++++ EXCERPTED RECORDS ++++
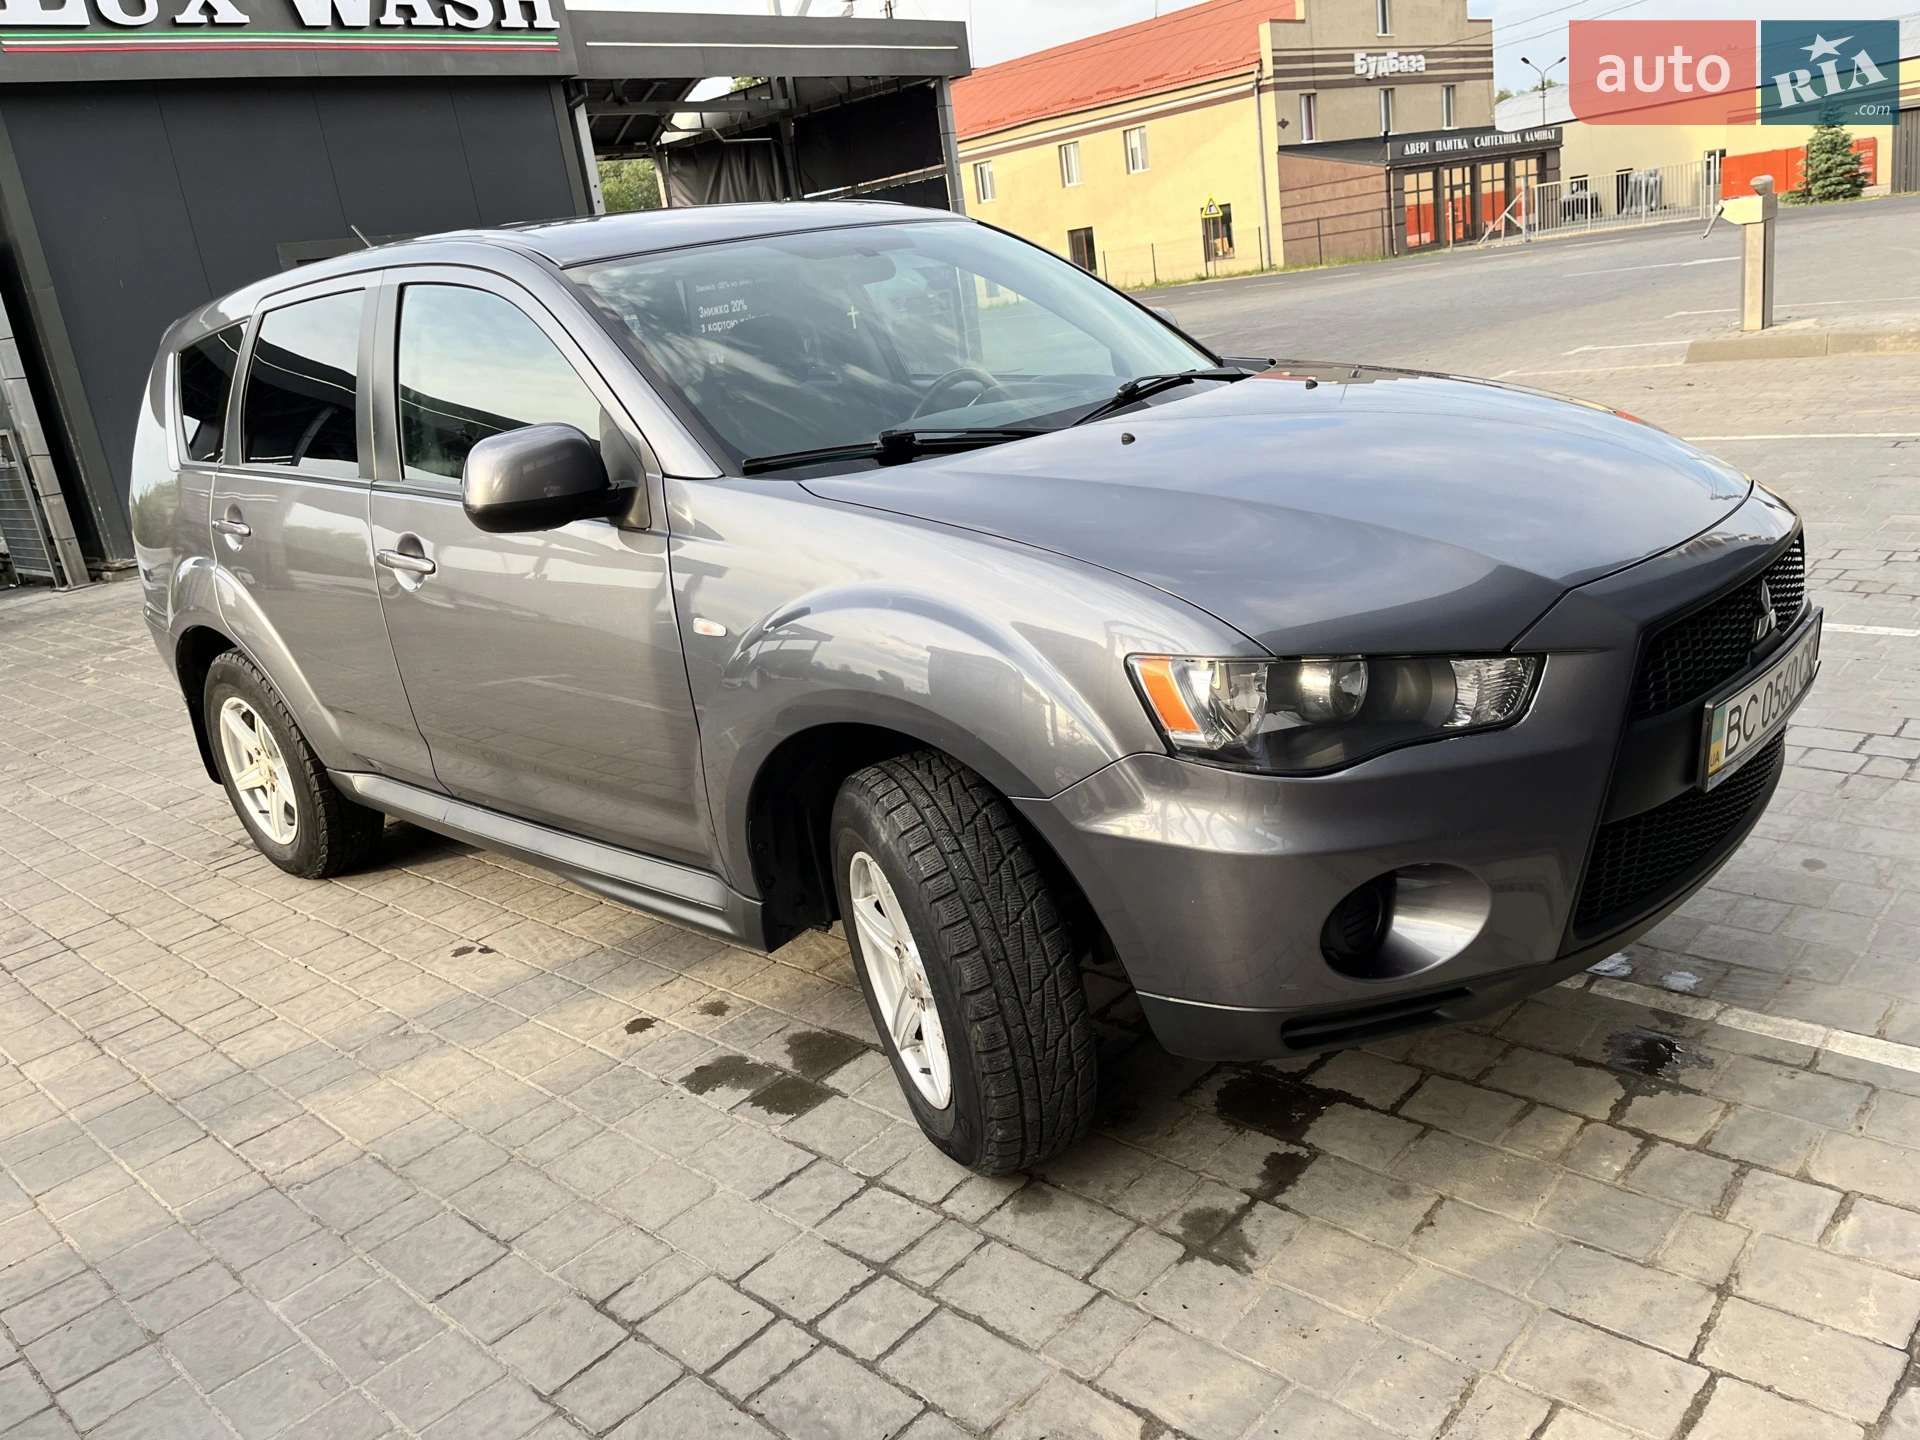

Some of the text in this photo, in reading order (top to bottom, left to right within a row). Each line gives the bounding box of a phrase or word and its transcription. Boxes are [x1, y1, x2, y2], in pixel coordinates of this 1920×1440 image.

[1354, 52, 1426, 79] БудБаза
[1403, 141, 1429, 155] ДВЕРІ
[1474, 133, 1522, 148] САНТЕХНІКА
[699, 303, 729, 318] Знижка
[730, 299, 748, 312] 20%
[1725, 693, 1759, 758] BC
[1761, 655, 1799, 728] 0560
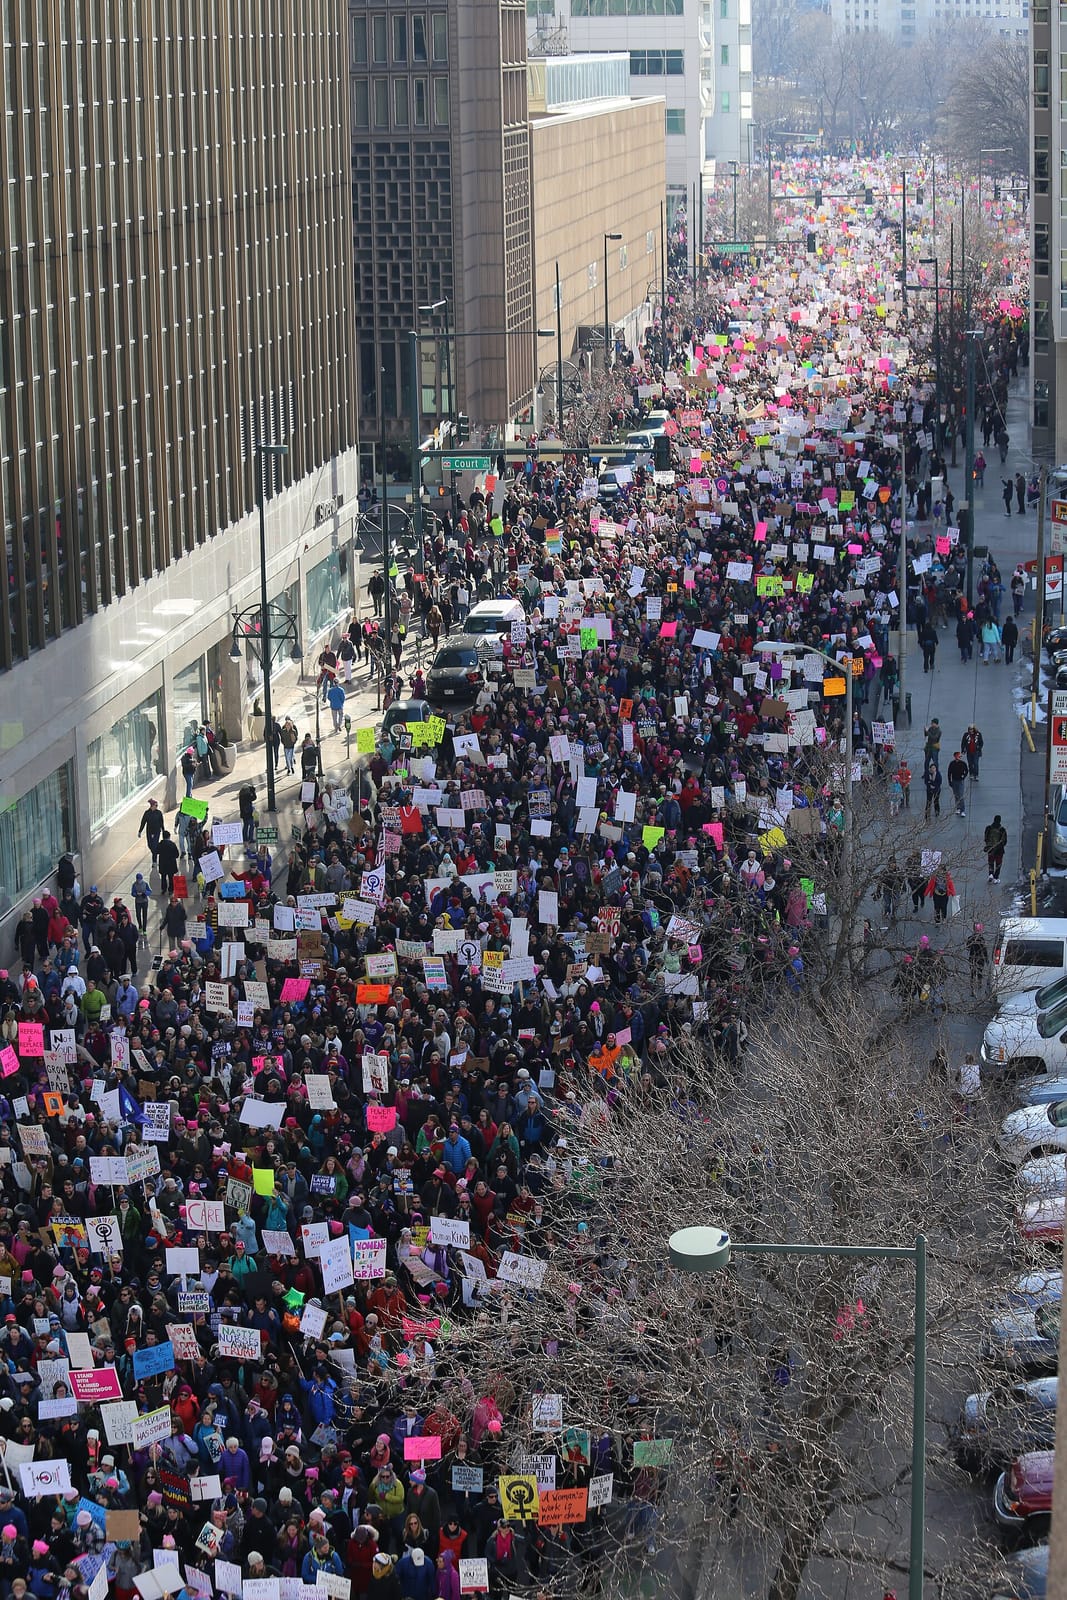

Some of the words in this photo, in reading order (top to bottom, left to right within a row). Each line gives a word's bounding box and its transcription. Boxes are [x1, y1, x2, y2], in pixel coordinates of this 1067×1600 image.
++++
Return all the records above exactly, pictures omitted.

EXPECTED ANSWER:
Some of the text in this photo, in reading order (top to bottom, left to right within a row). Each line gives the bounding box of a phrase or word and its transcription. Boxes are [x1, y1, x2, y2], in pixel coordinates of this 1920×1440 image.

[1354, 52, 1426, 79] БудБаза
[1403, 141, 1429, 155] ДВЕРІ
[1474, 133, 1522, 148] САНТЕХНІКА
[699, 303, 729, 318] Знижка
[730, 299, 748, 312] 20%
[1725, 693, 1759, 758] BC
[1761, 655, 1799, 728] 0560

Some of the words in this photo, in reading order (top to bottom, left to right within a row). Each line gives a word's bounding box and its transcription. Boxes are [x1, y1, x2, y2], in pixel coordinates of this 1067×1600 image.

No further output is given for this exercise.